Page MenuHomePhabricator

Add Link engineering: Convert mwaddlink to read/write to MySQL instead of SQLite
Closed, ResolvedPublic

Description

Per discussion in T258978, using SQLite is going to be problematic for the production service. So instead,

  1. mwaddlink needs to create and then write to MySQL tables instead of SQLite files during the model training phase
  2. mwaddlink needs to read from MySQL tables instead of SQLite when responding to queries

Remaining tasks:

  • Training pipeline to write directly to MySQL (?)

Event Timeline

I'll try to add some more depth to this. tl;dr there are two problems we are trying to solve: 1) we currently use SQLite files for loading data needed by the query service but we can't use files in production and 2) we need to keep RAM usage low.


The link recommendation service has a training component, where we generate datasets on the stats machines. There are 5 datasets per language (anchors, page IDs, redirects, word2vec, nav2vec) and they are all key/value datasets that are stored in SQLite files.

In the query component of the link recommendation service, when we try to get recommended links for an article, the code loads those datasets as python dictionaries using SqliteDict:

anchors = SqliteDict("./data/{0}/{0}.anchors.sqlite".format(lang))
page_ids = SqliteDict("./data/{0}/{0}.pageids.sqlite".format(lang))
redirects = SqliteDict("./data/{0}/{0}.redirects.sqlite".format(lang))
word2vec = SqliteDict("./data/{0}/{0}.w2v.filtered.sqlite".format(lang))
nav2vec = SqliteDict("./data/{0}/{0}.nav.filtered.sqlite".format(lang))
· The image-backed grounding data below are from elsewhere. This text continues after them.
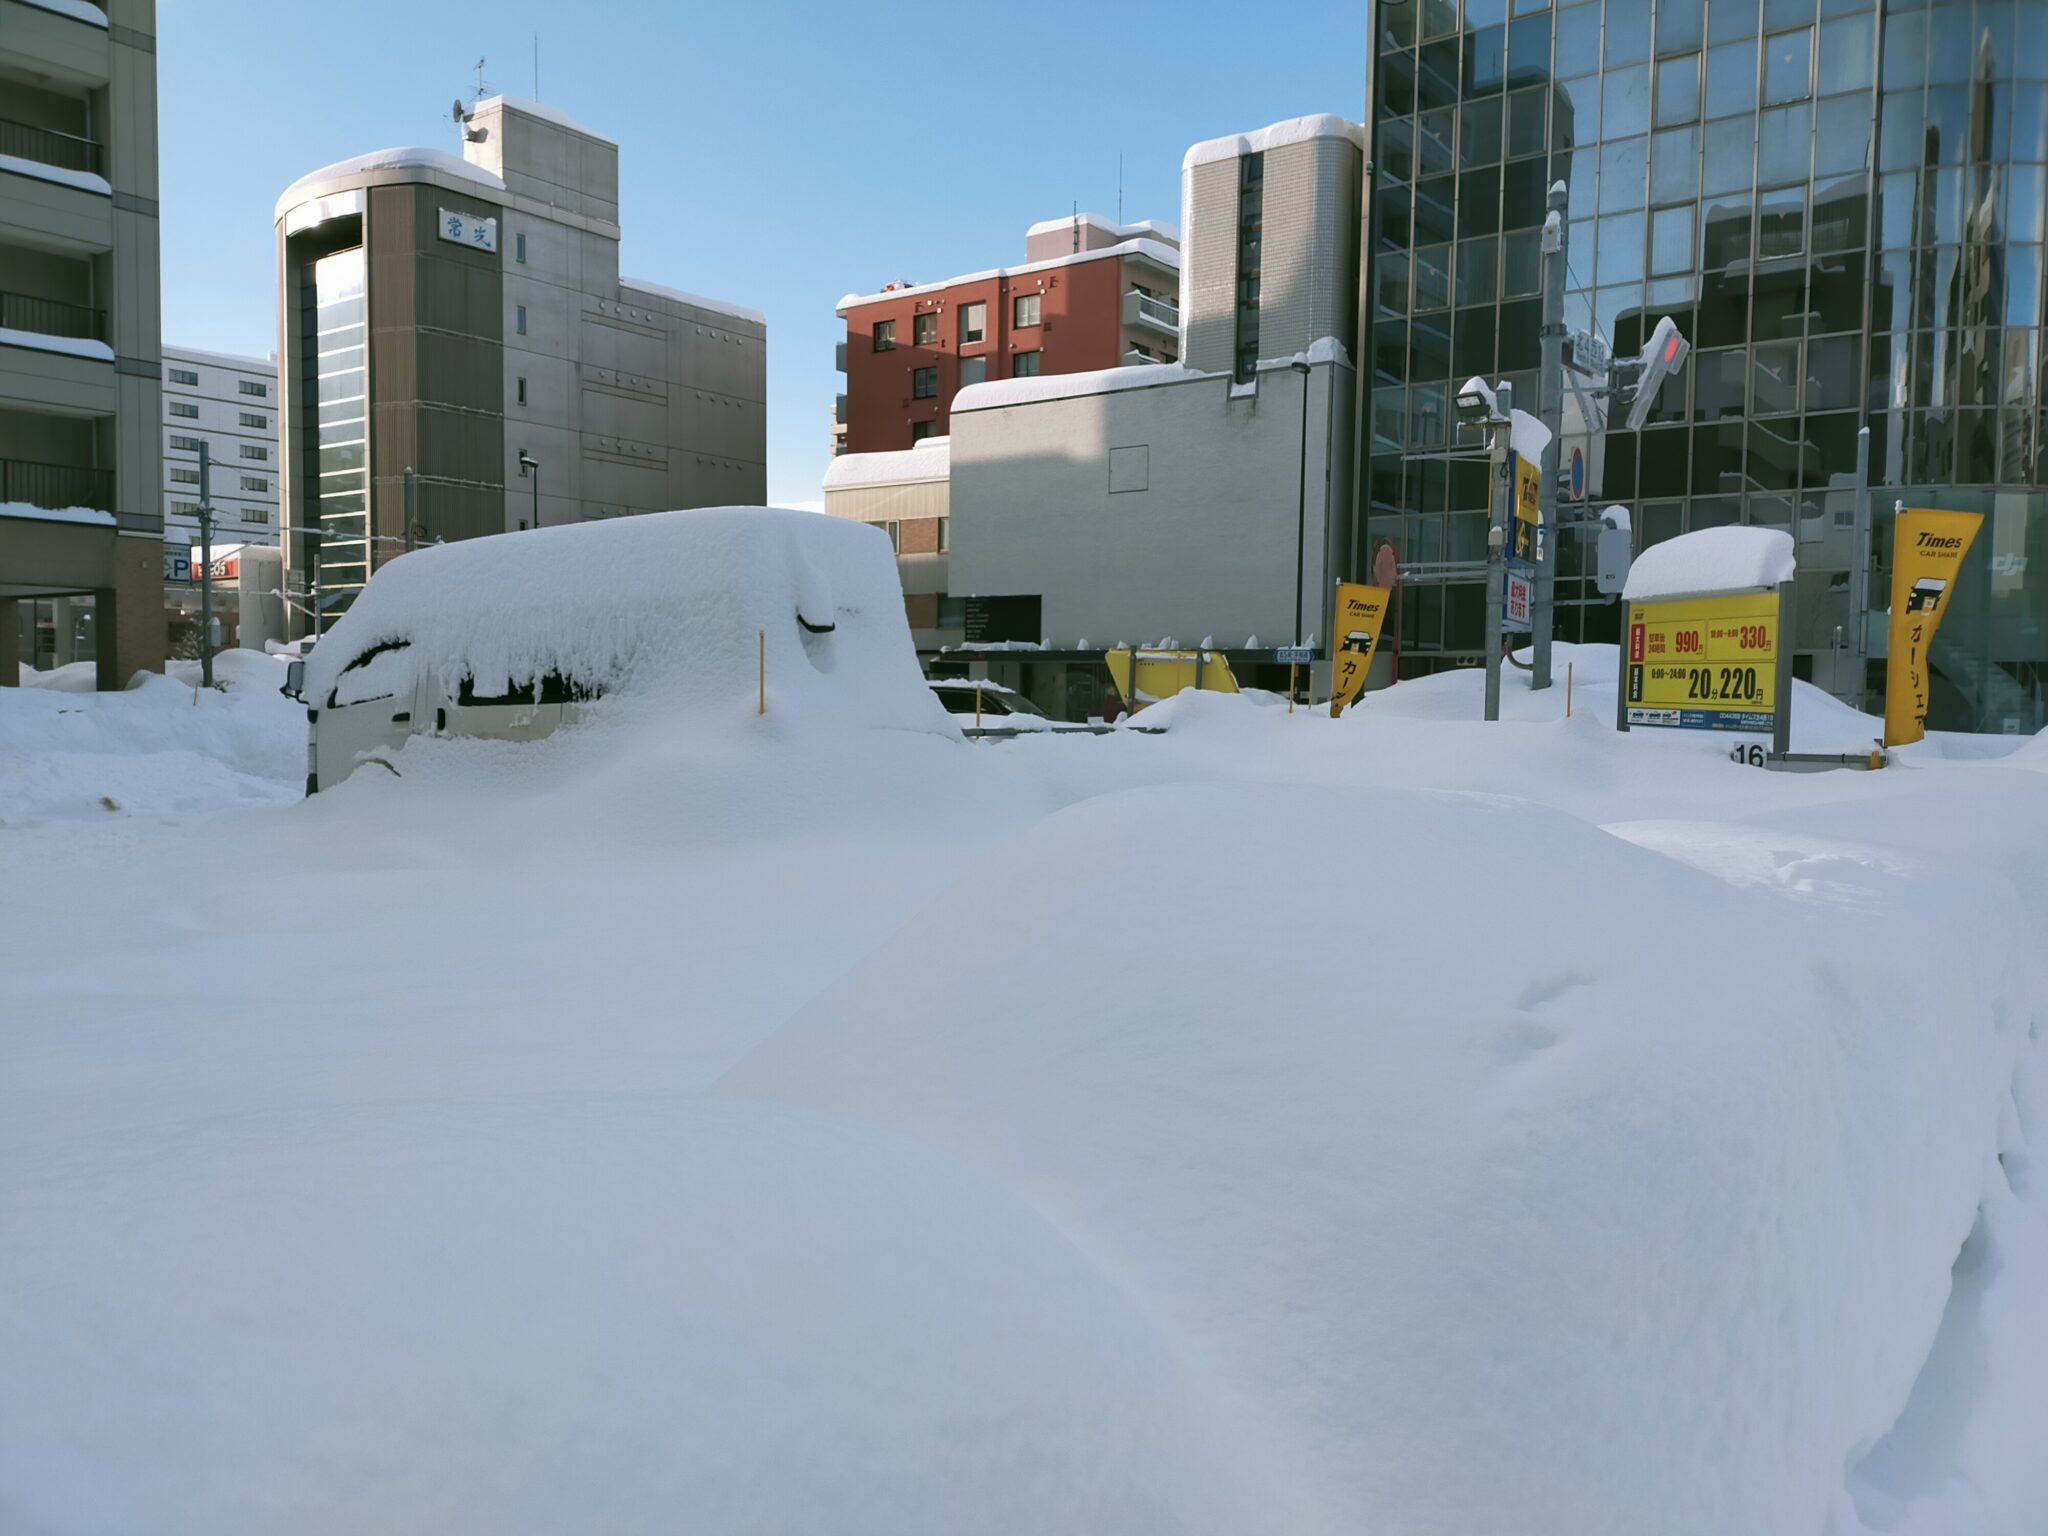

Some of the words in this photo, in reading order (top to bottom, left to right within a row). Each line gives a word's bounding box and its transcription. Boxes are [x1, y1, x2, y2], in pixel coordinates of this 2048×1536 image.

[1916, 532, 1963, 548] Times
[1920, 550, 1937, 558] CAR
[174, 560, 189, 577] P
[1347, 599, 1381, 612] Times
[1735, 744, 1764, 768] 16
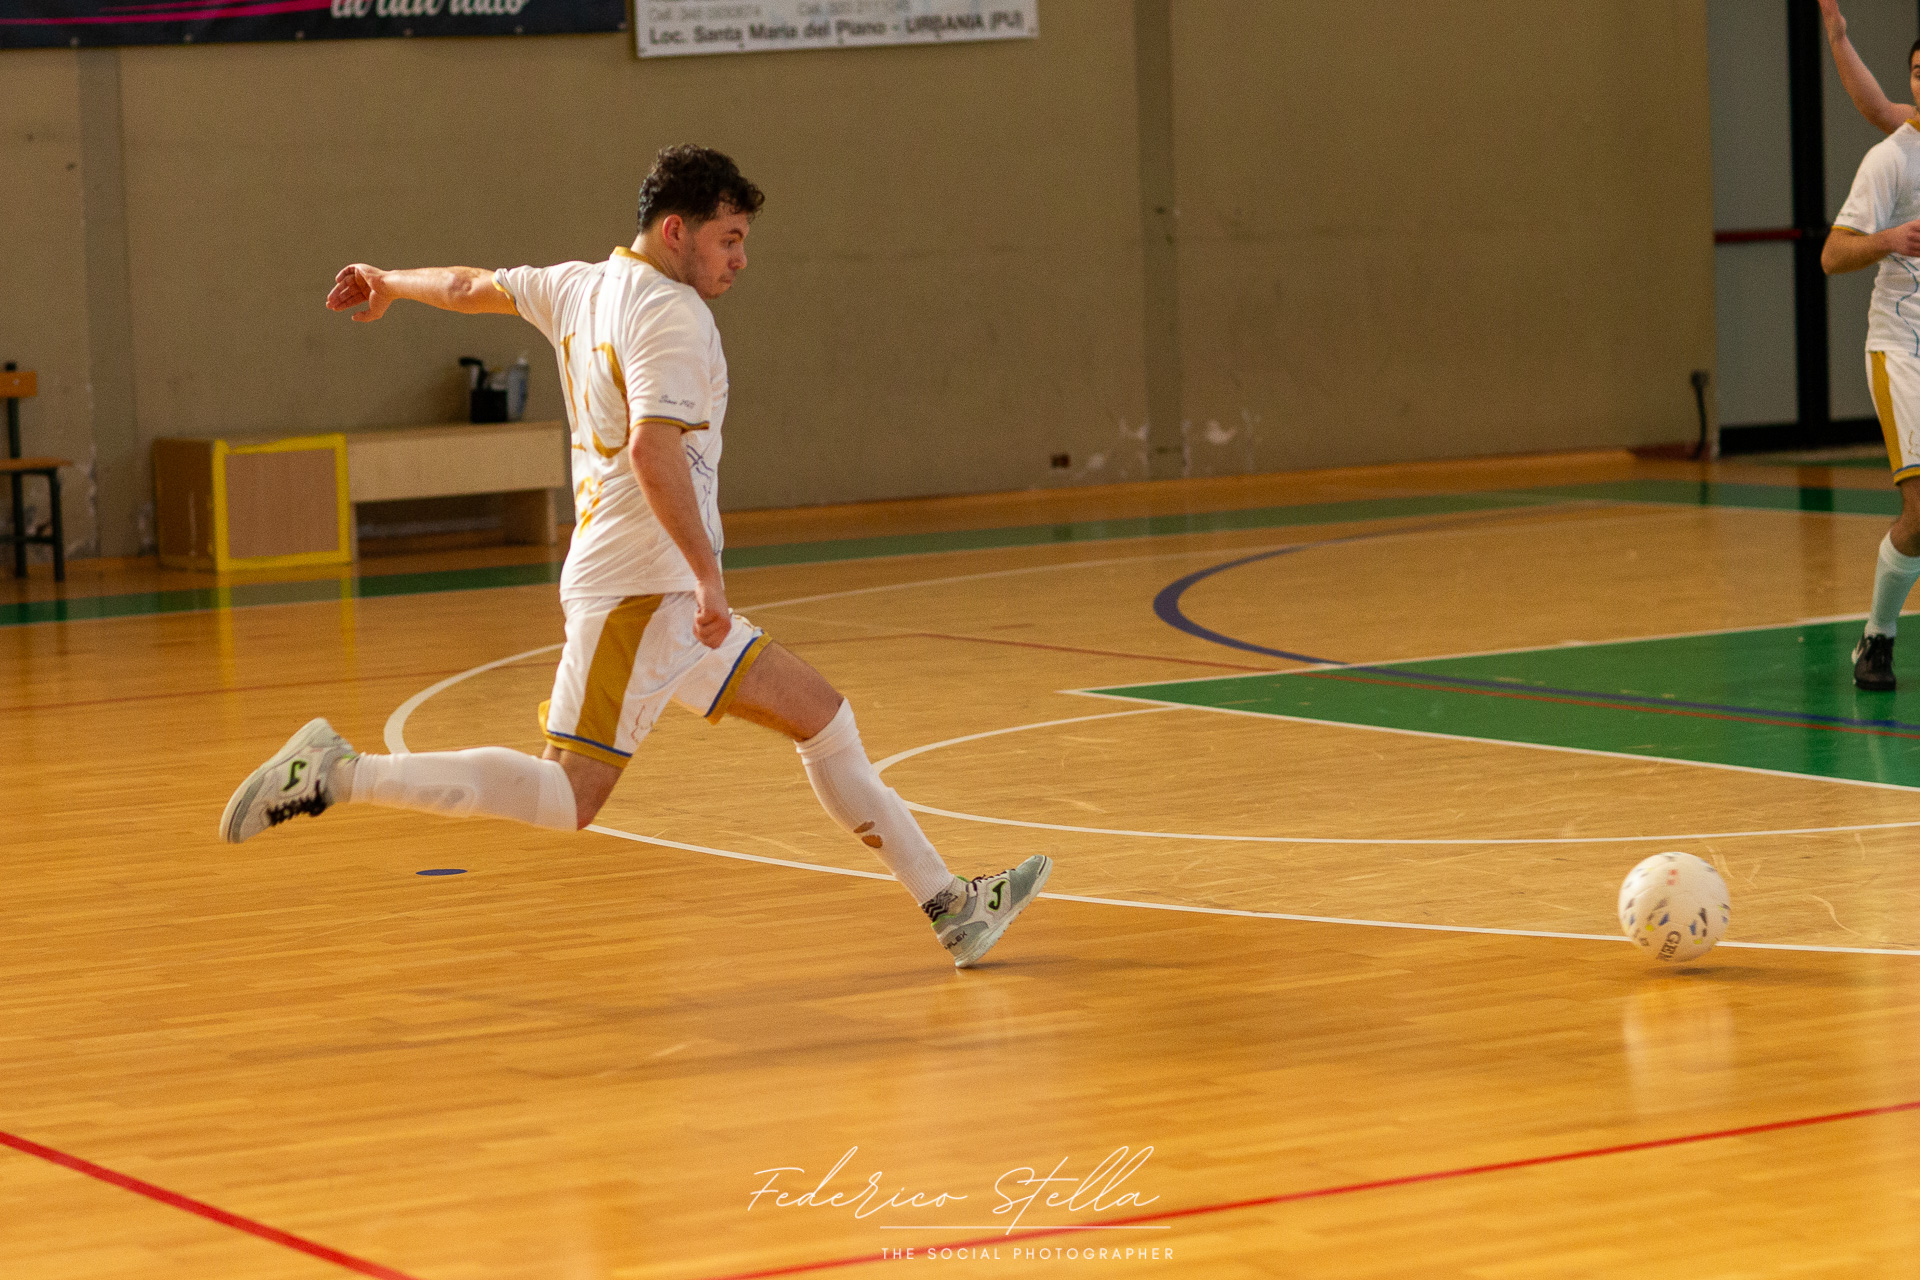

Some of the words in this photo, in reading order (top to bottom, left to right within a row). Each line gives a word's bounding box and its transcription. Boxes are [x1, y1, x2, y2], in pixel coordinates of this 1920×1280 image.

[650, 27, 685, 45] Loc.
[694, 25, 742, 43] Santa
[750, 23, 798, 40] Maria
[836, 19, 887, 36] Piano
Creating a new SqliteDict object basically opens a connection to the SQLite table but does not do any queries and as a result it doesn't require resources in terms of CPU/RAM.

The SqliteDict object extends the DictClass, and overrides core methods of that class:

def iterkeys(self):
    GET_KEYS = 'SELECT key FROM "%s" ORDER BY rowid' % self.tablename
    for key in self.conn.select(GET_KEYS):
        yield key[0]

def itervalues(self):
    GET_VALUES = 'SELECT value FROM "%s" ORDER BY rowid' % self.tablename
    for value in self.conn.select(GET_VALUES):
        yield self.decode(value[0])

def iteritems(self):
    GET_ITEMS = 'SELECT key, value FROM "%s" ORDER BY rowid' % self.tablename
    for key, value in self.conn.select(GET_ITEMS):
        yield key, self.decode(value)

That allows our code in research/mwaddlink to do things like: for anchor in anchors, and the SqliteDict class runs sqlite queries behind the scenes to make iterating over the dictionary possible.

If we switch to a MySQL backend we need to make a new class that extends UserDict and overrides methods to make MySQL queries instead.

But given that these are all key/value lookups, do we want MySQL or should we be looking at some other tool (Cassandra for example)?

(cc @Marostegui and @Joe on that last comment, we can discuss in our meeting later today.)

Actually, it looks like the key methods overridden by SqliteDict are

def __contains__(self, key):
    HAS_ITEM = 'SELECT 1 FROM "%s" WHERE key = ?' % self.tablename
    return self.conn.select_one(HAS_ITEM, (key,)) is not None

def __getitem__(self, key):
    GET_ITEM = 'SELECT value FROM "%s" WHERE key = ?' % self.tablename
    item = self.conn.select_one(GET_ITEM, (key,))
    if item is None:
        raise KeyError(key)
    return self.decode(item[0])

So, our class would extend UserDict, override those two methods, and use a MySQL connection instead of the SQLite one.

@kostajh I thought we had a template, but I cannot really find it.
Once you are ready to request a new database please create a new task with DBA and with the following fields filled if you know them

QPS:
Size: (An estimation is fine)
DB Name:
User:
Accessed from server (s):
Backup Policy: Needed? Frecuency?
Grants needed:

kostajh added a subscriber: MGerlach.

@kostajh I thought we had a template, but I cannot really find it.
Once you are ready to request a new database please create a new task with DBA and with the following fields filled if you know them

QPS:
Size: (An estimation is fine)
DB Name:
User:
Accessed from server (s):
Backup Policy: Needed? Frecuency?
Grants needed:

Got it, thanks @Marostegui

I wonder if the staging database would be good here?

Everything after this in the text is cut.